For most of the last century, the world has operated on a system of fiat currencies—money that is not backed by any physical asset, like gold, but rather by government decree.
While this system has allowed for flexibility in monetary policy, it has also opened the door to unprecedented levels of inflation and devaluation.
The more money a government prints, the less each unit of currency is worth.
Over the past two decades, central banks have engaged in large-scale money printing, most notably during the 2008 financial crisis and the COVID-19 pandemic.
This monetary expansion was supposed to stabilize economies in the short term, but it came at the cost of long-term value destruction.
In the U.S., the Federal Reserve’s balance sheet exploded from $900 billion in 2008 to over $8 trillion by 2021.
The result? An erosion of purchasing power that disproportionately affects savers and investors.
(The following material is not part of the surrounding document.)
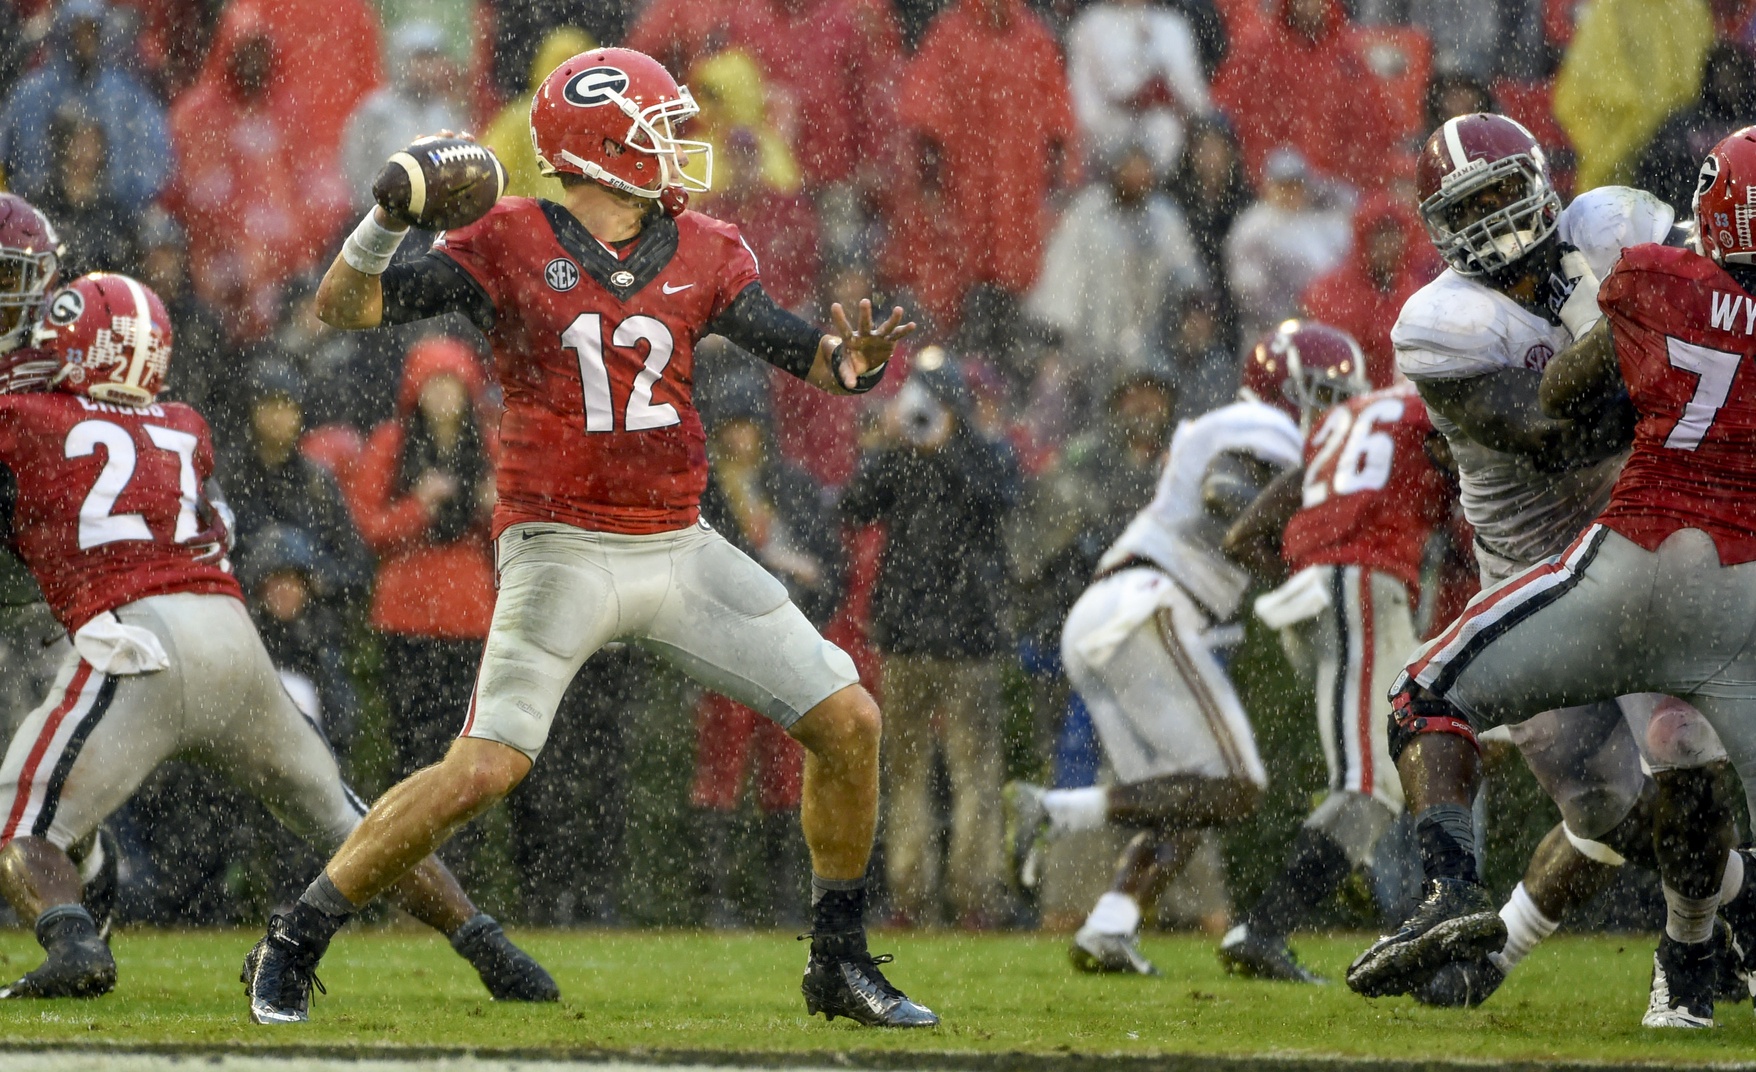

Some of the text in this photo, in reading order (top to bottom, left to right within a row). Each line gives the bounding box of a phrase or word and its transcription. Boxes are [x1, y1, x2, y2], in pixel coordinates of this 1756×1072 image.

The problem with fiat currency is that it’s entirely controlled by central banks and governments, who have every incentive to devalue the currency to fund deficits, bail out failing institutions, or placate voters with handouts.
This constant manipulation punishes those who hold cash, as inflation slowly eats away at their savings.
Bitcoin, on the other hand, operates outside of the traditional monetary system. It is immune to government intervention and central bank manipulation.
Its supply is fixed at 21 million coins, and no central authority can change that. In a world where fiat currencies are losing value at an alarming rate, Bitcoin stands as a hedge against monetary debasement.
Fiat currencies are subject to manipulation and devaluation by governments and central banks. Bitcoin’s fixed supply and decentralized nature offer protection from inflation and monetary dilution, making it an attractive alternative for wealth preservation.